# The task
Every record shown here needs to be repeated exactly.

# Saved data entries
_ _ _ _ _

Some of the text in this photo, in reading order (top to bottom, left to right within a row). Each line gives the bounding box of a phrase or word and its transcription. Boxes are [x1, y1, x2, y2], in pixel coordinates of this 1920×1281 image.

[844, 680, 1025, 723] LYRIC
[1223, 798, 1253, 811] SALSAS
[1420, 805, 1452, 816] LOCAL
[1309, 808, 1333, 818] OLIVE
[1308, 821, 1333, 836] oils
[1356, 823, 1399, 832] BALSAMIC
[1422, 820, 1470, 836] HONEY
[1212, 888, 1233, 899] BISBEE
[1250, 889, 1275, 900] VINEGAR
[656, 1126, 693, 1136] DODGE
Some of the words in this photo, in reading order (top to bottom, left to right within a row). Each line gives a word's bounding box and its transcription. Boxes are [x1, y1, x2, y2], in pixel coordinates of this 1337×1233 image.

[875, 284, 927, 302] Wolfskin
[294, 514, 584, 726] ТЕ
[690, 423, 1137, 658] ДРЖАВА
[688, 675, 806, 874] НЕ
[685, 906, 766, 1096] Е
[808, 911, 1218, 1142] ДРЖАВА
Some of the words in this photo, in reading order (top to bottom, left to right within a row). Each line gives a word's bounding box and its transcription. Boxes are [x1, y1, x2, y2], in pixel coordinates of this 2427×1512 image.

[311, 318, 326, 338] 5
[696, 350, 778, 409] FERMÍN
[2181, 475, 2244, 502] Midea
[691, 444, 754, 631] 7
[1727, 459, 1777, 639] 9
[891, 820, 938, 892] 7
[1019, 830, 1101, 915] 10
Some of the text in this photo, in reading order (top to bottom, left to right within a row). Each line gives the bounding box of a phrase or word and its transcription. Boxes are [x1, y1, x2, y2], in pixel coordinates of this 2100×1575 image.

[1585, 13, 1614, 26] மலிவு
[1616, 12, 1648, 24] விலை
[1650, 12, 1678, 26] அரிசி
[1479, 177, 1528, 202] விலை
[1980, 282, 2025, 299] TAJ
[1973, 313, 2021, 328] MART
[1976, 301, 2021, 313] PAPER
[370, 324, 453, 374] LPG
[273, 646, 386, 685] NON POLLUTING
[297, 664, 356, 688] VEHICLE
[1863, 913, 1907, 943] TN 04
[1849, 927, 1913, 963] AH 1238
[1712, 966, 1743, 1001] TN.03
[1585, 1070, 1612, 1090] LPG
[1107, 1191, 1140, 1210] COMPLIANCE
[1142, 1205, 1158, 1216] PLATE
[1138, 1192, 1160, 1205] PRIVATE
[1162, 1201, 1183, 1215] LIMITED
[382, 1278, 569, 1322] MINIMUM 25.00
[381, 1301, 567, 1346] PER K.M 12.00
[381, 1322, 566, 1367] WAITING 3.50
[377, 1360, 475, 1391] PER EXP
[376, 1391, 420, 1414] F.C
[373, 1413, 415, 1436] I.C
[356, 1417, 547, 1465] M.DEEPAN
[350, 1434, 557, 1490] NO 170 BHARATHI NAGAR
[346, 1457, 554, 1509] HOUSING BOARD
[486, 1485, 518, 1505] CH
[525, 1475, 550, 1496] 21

_ _ _ _ _

# Your response
Some of the text in this photo, in reading order (top to bottom, left to right within a row). Each line gives the bounding box of a phrase or word and its transcription. Boxes are [x1, y1, x2, y2], in pixel coordinates of this 1920×1281 image.

[844, 680, 1025, 723] LYRIC
[1223, 798, 1253, 811] SALSAS
[1420, 805, 1452, 816] LOCAL
[1309, 808, 1333, 818] OLIVE
[1308, 821, 1333, 836] oils
[1356, 823, 1399, 832] BALSAMIC
[1422, 820, 1470, 836] HONEY
[1212, 888, 1233, 899] BISBEE
[1250, 889, 1275, 900] VINEGAR
[656, 1126, 693, 1136] DODGE
Some of the words in this photo, in reading order (top to bottom, left to right within a row). Each line gives a word's bounding box and its transcription. Boxes are [x1, y1, x2, y2], in pixel coordinates of this 1337×1233 image.

[875, 284, 927, 302] Wolfskin
[294, 514, 584, 726] ТЕ
[690, 423, 1137, 658] ДРЖАВА
[688, 675, 806, 874] НЕ
[685, 906, 766, 1096] Е
[808, 911, 1218, 1142] ДРЖАВА
Some of the words in this photo, in reading order (top to bottom, left to right within a row). Each line gives a word's bounding box and its transcription. Boxes are [x1, y1, x2, y2], in pixel coordinates of this 2427×1512 image.

[311, 318, 326, 338] 5
[696, 350, 778, 409] FERMÍN
[2181, 475, 2244, 502] Midea
[691, 444, 754, 631] 7
[1727, 459, 1777, 639] 9
[891, 820, 938, 892] 7
[1019, 830, 1101, 915] 10
Some of the text in this photo, in reading order (top to bottom, left to right within a row). Each line gives the bounding box of a phrase or word and its transcription. Boxes are [x1, y1, x2, y2], in pixel coordinates of this 2100×1575 image.

[1585, 13, 1614, 26] மலிவு
[1616, 12, 1648, 24] விலை
[1650, 12, 1678, 26] அரிசி
[1479, 177, 1528, 202] விலை
[1980, 282, 2025, 299] TAJ
[1973, 313, 2021, 328] MART
[1976, 301, 2021, 313] PAPER
[370, 324, 453, 374] LPG
[273, 646, 386, 685] NON POLLUTING
[297, 664, 356, 688] VEHICLE
[1863, 913, 1907, 943] TN 04
[1849, 927, 1913, 963] AH 1238
[1712, 966, 1743, 1001] TN.03
[1585, 1070, 1612, 1090] LPG
[1107, 1191, 1140, 1210] COMPLIANCE
[1142, 1205, 1158, 1216] PLATE
[1138, 1192, 1160, 1205] PRIVATE
[1162, 1201, 1183, 1215] LIMITED
[382, 1278, 569, 1322] MINIMUM 25.00
[381, 1301, 567, 1346] PER K.M 12.00
[381, 1322, 566, 1367] WAITING 3.50
[377, 1360, 475, 1391] PER EXP
[376, 1391, 420, 1414] F.C
[373, 1413, 415, 1436] I.C
[356, 1417, 547, 1465] M.DEEPAN
[350, 1434, 557, 1490] NO 170 BHARATHI NAGAR
[346, 1457, 554, 1509] HOUSING BOARD
[486, 1485, 518, 1505] CH
[525, 1475, 550, 1496] 21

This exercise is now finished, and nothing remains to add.